At least, Sarah thought, she wasn’t the only one at the police station in a Dirndl, though hers was the only one with a side seam busted open. She counted a half dozen people in ball costumes, two of them in handcuffs, singing a spirited version of “Das Schönste auf der Welt” at the top of their lungs. The officer who was transcribing Sarah’s statement looked up at the serenaders, frowned, then informed Sarah that the song was a fine one if sung properly, in tune.

Well, she had definitely arrived in Vienna.

There had been quite a scene with the police. After Sarah had explained to the officers what she was doing in the lab and they had holstered their guns, one officer had been dispatched to collect Alessandro from the Platz. By then, Nina Fischer had arrived.

It was Nina who had sent the police to the lab.
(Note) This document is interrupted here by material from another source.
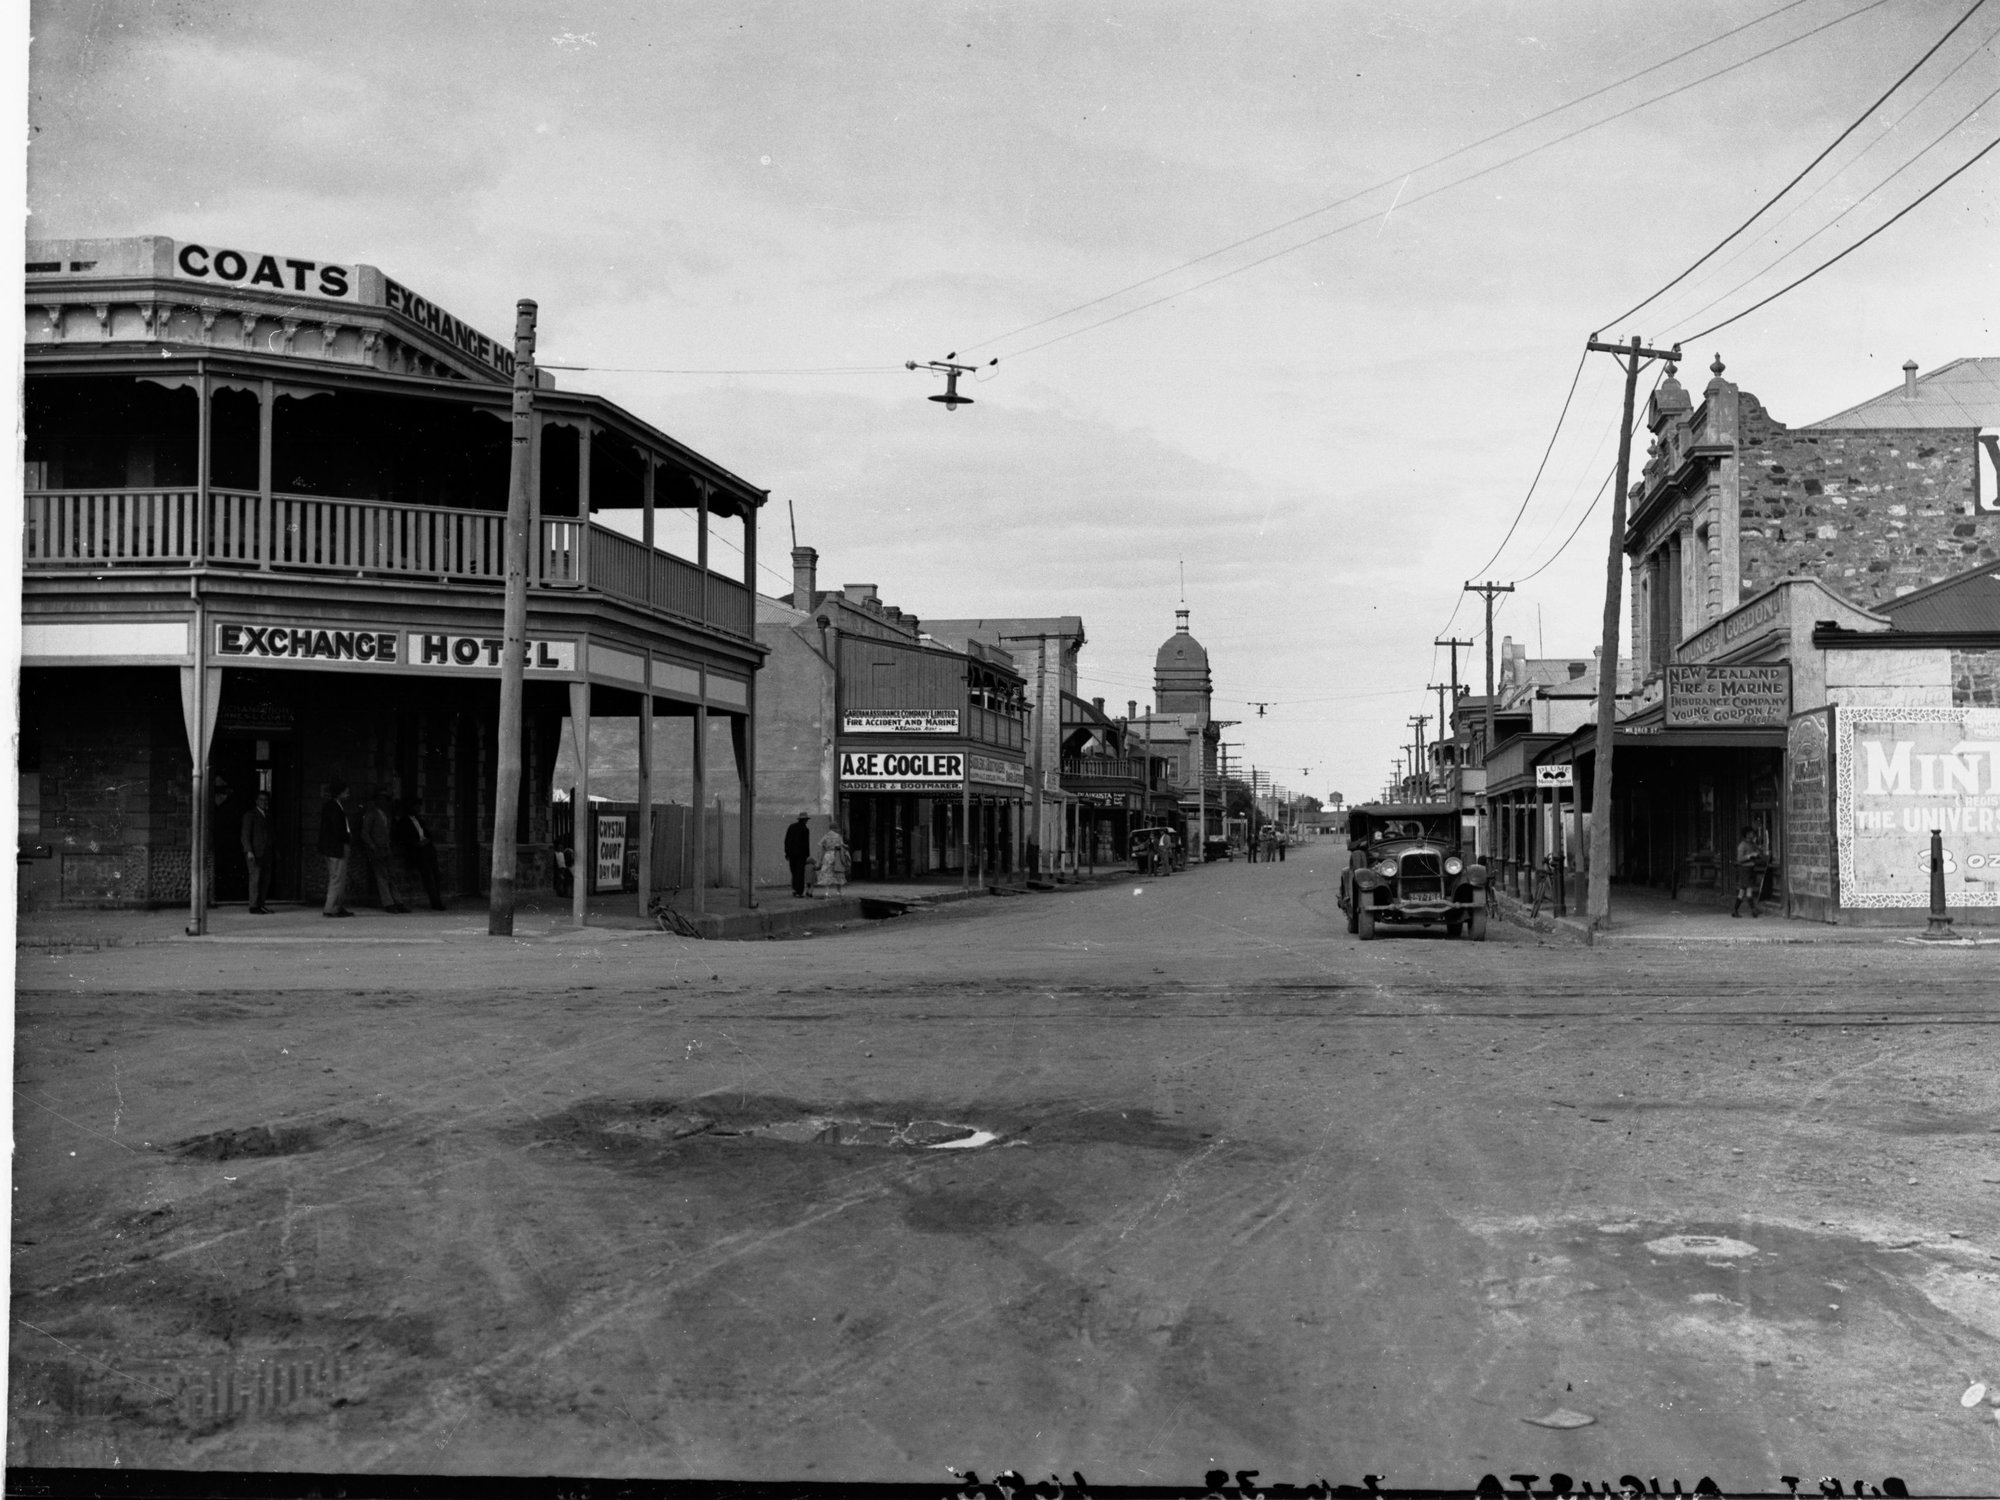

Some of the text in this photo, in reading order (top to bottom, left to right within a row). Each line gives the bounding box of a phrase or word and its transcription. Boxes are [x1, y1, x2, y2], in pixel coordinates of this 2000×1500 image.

Bettina Müller, it seemed, had phoned Nina in a panic, saying she had gotten a text from a blocked number telling her that her laboratory had been broken into.

“But she couldn’t come herself,” Nina explained. “Because she was already on a train.”

Sarah, Nina, and Alessandro were all taken to the station to make statements. They filled out form after form, repeating all their information, and signing reports. Neither the Polizei nor Nina was able to reach Bettina Müller, who, by the end of the evening, was under suspicion of having stolen her own laptop from herself..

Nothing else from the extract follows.